As we navigate through the COVID-19 pandemic, the biggest crisis in our lifetime, we’re hearing about many acts of heroism, kindness, generosity, and creativity.
Medical supplies are being donated by TV medical shows, skilled tradesmen, craft groups, and citizens; and manufactured by companies big and small to support first responders and healthcare workers.
Big businesses and individuals are donating money to support small businesses and people whose jobs and livelihoods have been impacted by mandated shutdowns.
Neighbors are helping neighbors, friends are supporting each other to check on their health, ensure everyone has food, and that other needs are met.
Volunteers are providing food for school children. Financial institutions are giving borrowers relief from payments. Landlords are providing rent free space. Utilities and companies are suspending cut-offs and restarting services.
Essential workers are bravely providing necessary services to ensure supplies reach their necessary destination; provide a safe and secure environment; and keep crucial functions operating.
Parents are valuing their children’s teachers more while they experience personally the joy of spending all day, day after day with them.
Families are spending more time together than they could ever imagine and rekindling a joy and love for one another.
And people are grieving over family and friends lost to the horrors of this evil disease.

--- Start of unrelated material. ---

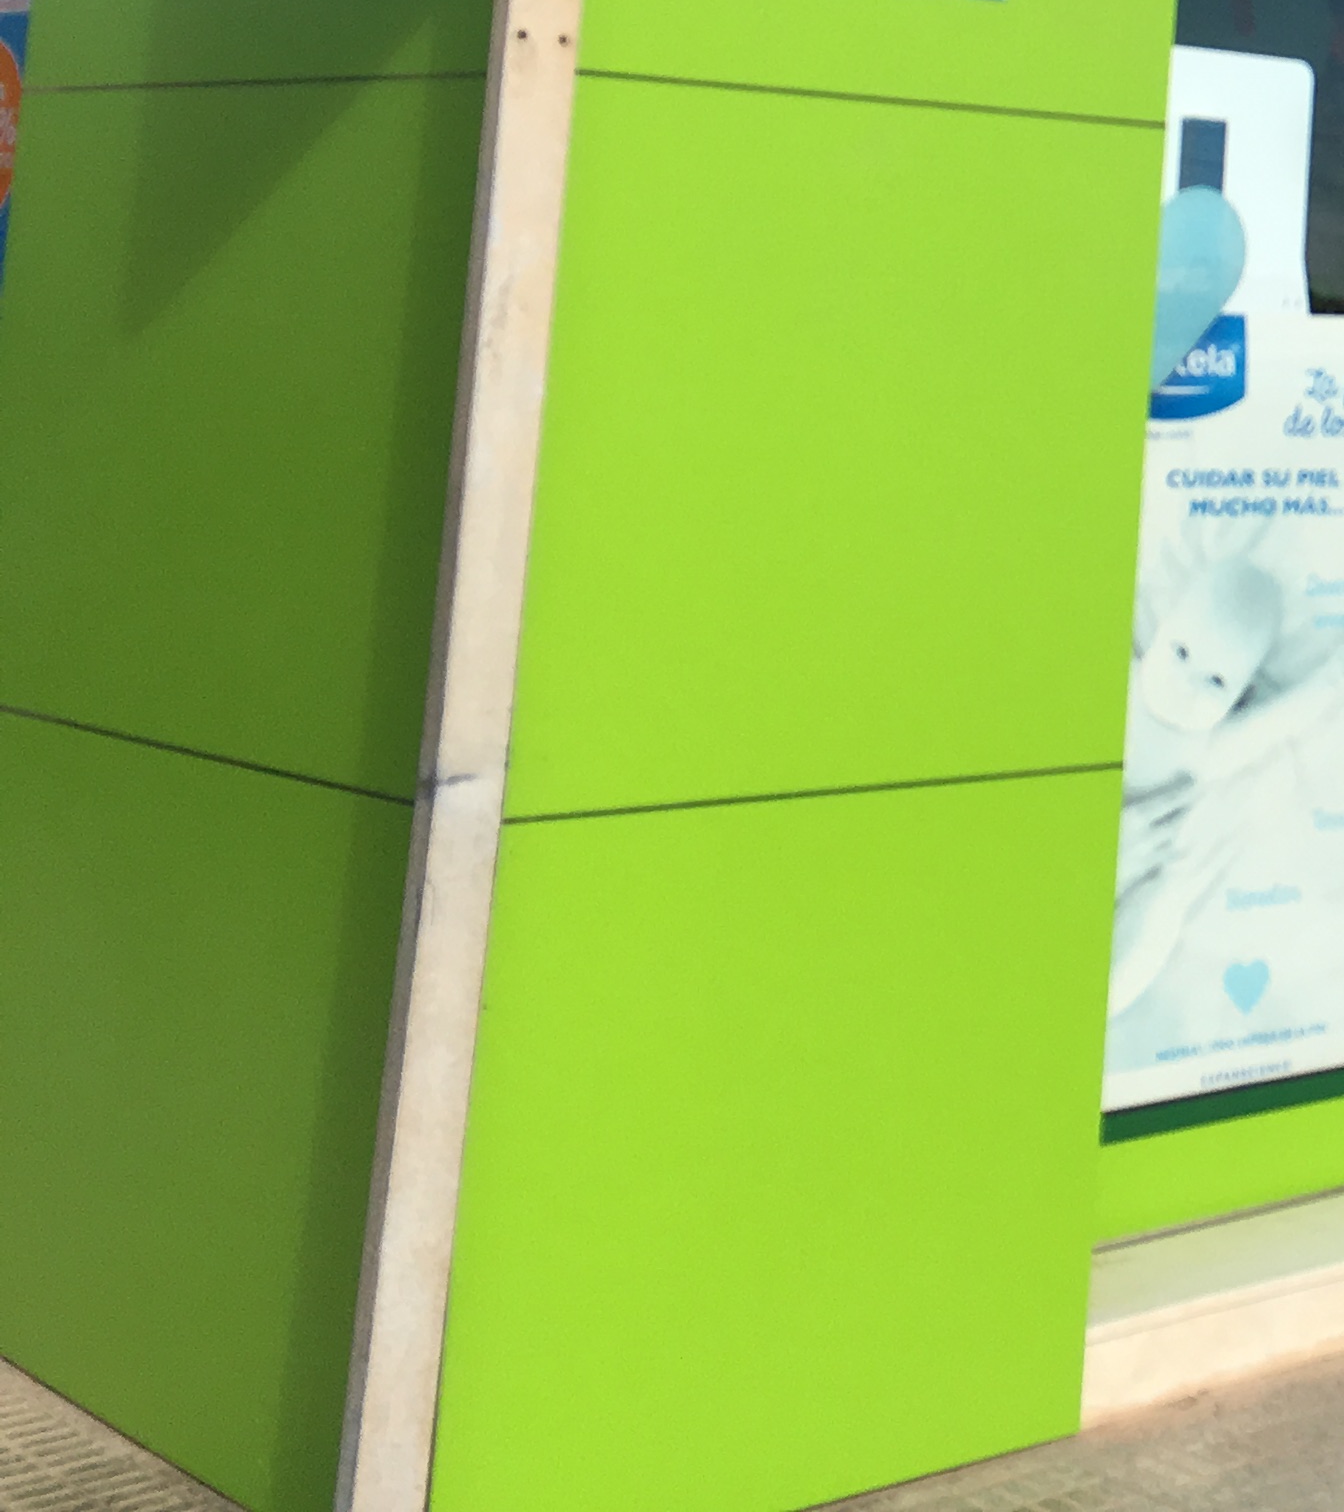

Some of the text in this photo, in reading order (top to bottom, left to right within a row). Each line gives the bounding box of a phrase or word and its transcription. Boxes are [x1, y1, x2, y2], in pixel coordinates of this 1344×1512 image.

And all the while, alongside it all, employees have the same question for their leader.
“What about me?”
When so many people are battling sickness and financial distress; in the middle of conversations about moving beyond the curve and getting to a flat line; while listening to discussions about ending orders to shelter in place and restart the economy, the question lingers.
They can’t help but wonder because everyone craves security. They all want to know that everything will be okay, this too shall pass, their investments will be recovered, that they will be able to dig out of any financial hole.
They’re not selfish, they’re human. They’re anxious. They’re battling fear. They’re seeking peace. They’re reassessing personal, professional and financial priorities. They’re trying to figure out the future, even though they know it’s far too soon to do so.
And as their leader, they look to you for help in the process. They have questions that they hope you will be able to answer one day soon. Meanwhile, they’re working hard to make progress on shifting priorities, or they may be hardly working because COVID-19 has upended their ability to do so, or they’re hoping to be called back to work. They may not be as close to the constantly changing details as you are to recognize the difficulty of communicating accurate and consistent information. Yet, it’s important to understand their questions and provide timely updates, without waiting for them to ask. Share what you do and do not know. Provide information that will help them make decisions.
Here are 10 other questions your employees may have.
- How will this pandemic impact me, my work, and my usefulness in this company?
- I’ve been furloughed or laid off, but for how long? And how long will I continue to have health care?
- How is this impacting our company’s finances, sales, products, and services?
- How is this impacting my division or department?
- What’s the plan to address the impact and will I be treated fairly?
- What can I do to help? And have you tried __(insert their idea)___?
- What can I be learning during this time that will help me to add value in the future?
- Are there other areas of the company where my skills can be utilized?
- What are other companies doing?
- I’m grateful to be able to help others, have a job and work right now, even though the hours are insane…but what happens when this is over? I’ll need a break, or will I still have a job?
The questions may come jumbled all together. The answers may change as weeks and months progress. But your willingness to listen, share, help them understand the challenges and decisions, solicit ideas, and find creative ways to address the problems you all are facing will go a long way.
Be proactive in addressing their concerns. Be frequent in your communications. Be empathic in your responses. As their leader, you probably have the same questions, and you’re looking for hope from your own leadership; hope that everything in the new normal will work out, and “me” will be okay.